A la mañana siguiente de haber conocido a los muchachos del teatro Mella, mientras me bañaba, tomé la decisión de que no permitiría que las injusticias que veía por doquier en La Habana, me afectaran hasta el punto de casi amargarme el viaje. Total, nada podía yo hacer para remediar la situación y conocerlos a ellos me sembró una esperanza de que ese pueblo, algún día, conseguiría superar sus problemas y vivir en una mejor sociedad.
Estaba terminando de vestirme, cuando sonó el teléfono de la habitación para informarme que Eugenio me esperaba abajo. Tomé unos pesos cubanos que tenía en la habitación y no había utilizado pues todo había que pagarlo en divisas y fui a su encuentro para visitar La Habana Vieja y comprar algunos libros, que era el único artículo que un turista podía comprar con los pesos.

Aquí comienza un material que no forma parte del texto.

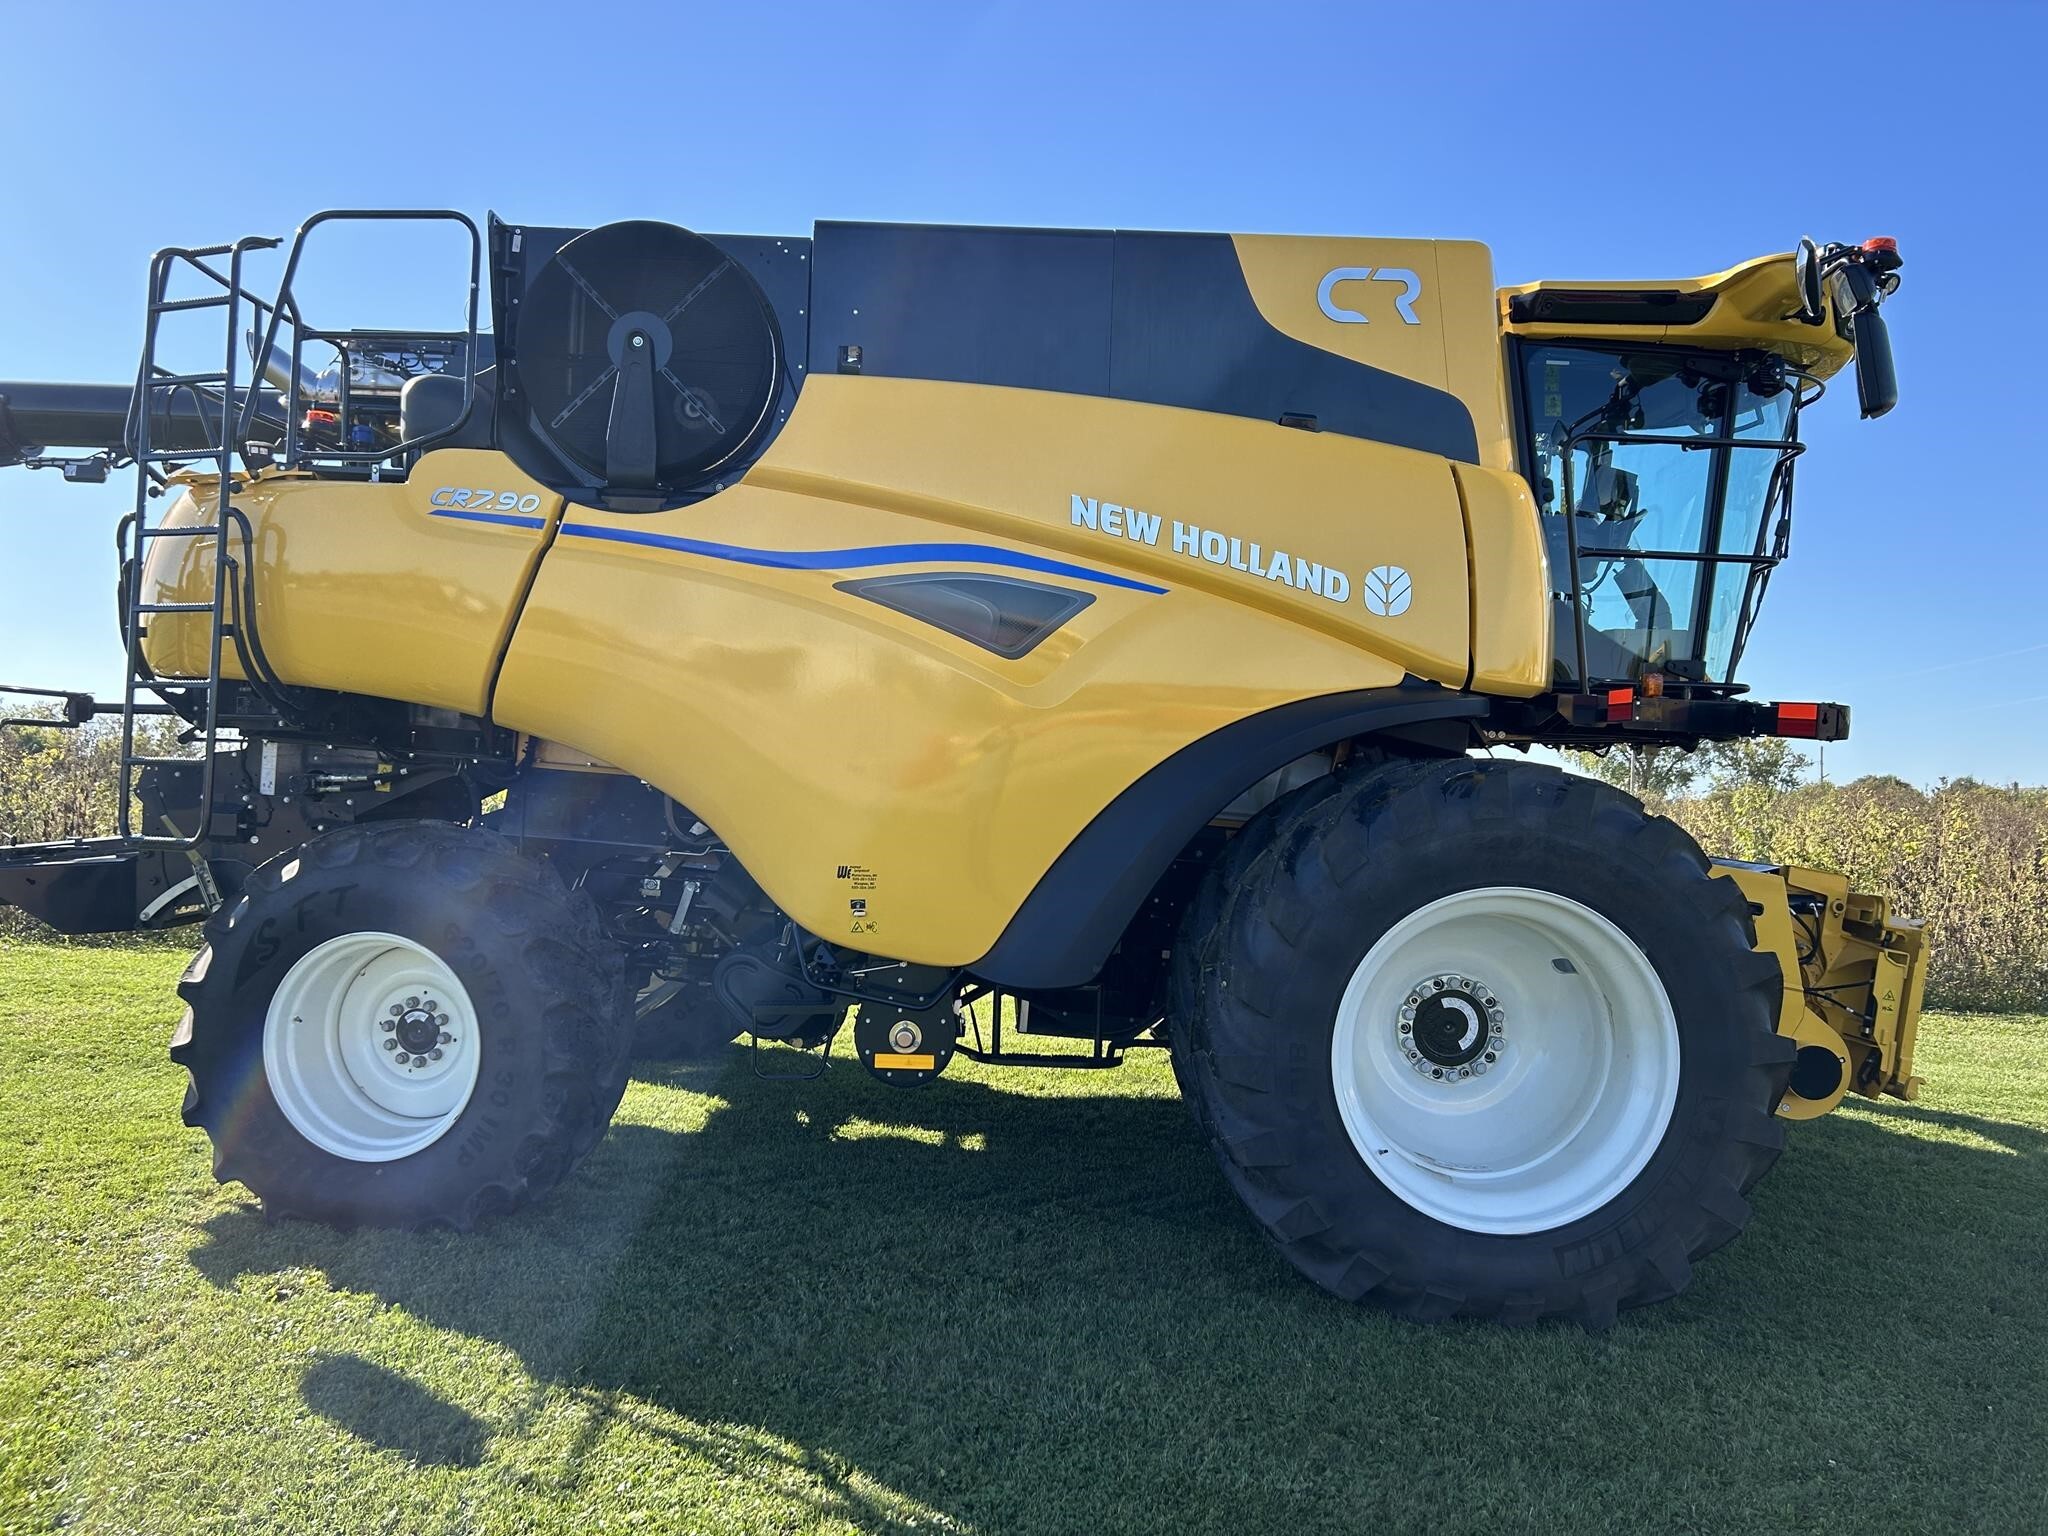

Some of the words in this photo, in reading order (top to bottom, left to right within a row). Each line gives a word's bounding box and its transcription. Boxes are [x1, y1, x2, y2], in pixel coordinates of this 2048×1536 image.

Cuando entré al lobby, me extrañó no encontrar a Eugenio en el salón, miré alrededor y lo conseguí afuera del hotel. Le molestaba bastante la incomodidad que significaba estar esperando dentro de un sitio donde sabía que no era bien visto. Así me lo hizo saber.
Recorrimos las hermosas calles de La Habana vieja, con su arquitectura barroca y neoclásica. Visitamos la barroca Catedral de San Cristóbal que necesitaba una urgente restauración pero, según me dijo Eugenio, era muy costosa pues tenía serías fallas estructurales que se debían reparar, y el gobierno no contaba con el dinero precisado para eso.
Fuimos al Capitolio que, irónicamente, recuerda al de Estados Unidos, la Plaza de Armas, contemplamos el faro de El Morro y visitamos la Bodeguita del Medio, donde entramos sólo para ver uno de los lugares preferidos de Hemingway, con sus paredes tapizadas de fotos autografiadas de personajes famosos de todo el mundo, que han tertuliado en el sitio. La visita fue sólo para curiosear y conocer pues los precios eran prohibitivos para un joven turista con corto presupuesto para viajar.
Los pies me ardían de tanto andar, pero lo que estaba viendo bien valía el cansancio. Tenía la mirada llena con esa arquitectura colonial que lo devolvía a uno a siglos anteriores.
El cubano tiene dinero
pero no tiene qué comprar con él
Comenzamos a visitar librerías y me pusé frenético comprando libros. Los pesos que tenía se me agotaron y no me alcanzaron para todos los libros que tenía seleccionados. Comencé a apartar algunos para llevarme sólo los que más me interesaban. Eugenio me preguntó que por qué no los llevaba todos.
Le expliqué que los pesos no me alcanzaban y él, amablemente, se ofreció a dármelos. Pensé «primera vez que en este país, en lugar de pedirme, me ofrecen algo». Apenado, le dije que bueno, que sería un préstamo y que al llegar al hotel, cambiaría dinero y le devolvería sus pesos, sesenta en total que me faltaban.
-No te preocupes, asere -Me dijo- esos te los regalo yo.
Por supuesto, no podía aceptarlo y así se lo hice saber. Le dije que si no me los cobraba no podía recibirlos pues, yo sabía que eso era cerca de la mitad de lo que él ganaba al mes.
-Para lo que me sirve el dinero -fue su respuesta-. Yo dinero tengo, lo que no tengo es qué comprar con él. De lo que gano al mes, generalmente, me sobran pesos, pues las cosas que necesito no las puedo comprar con ellos.
Recordé haberme prometido a mi mismo que no me afectarían ese tipo de comentarios y llegamos al acuerdo de que le compraría en la tienda de Intur alguna cosa que necesitara y así le pagaría sus sesenta pesos.
Me pidió cassettes vírgenes para grabar música, una de las pasiones que tenía y que le costaba satisfacer pues los cassettes sólo los vendían en divisas, monedas que él no poseía.
Así quedamos y ya casi al final de la tarde, a eso de las cinco, me acompañó al hotel y nos despedimos hasta la noche, cuando nos veríamos en casa de Fidel Ernesto, donde nos reuniríamos para cenar junto con Julio, Alejandro y Verónica.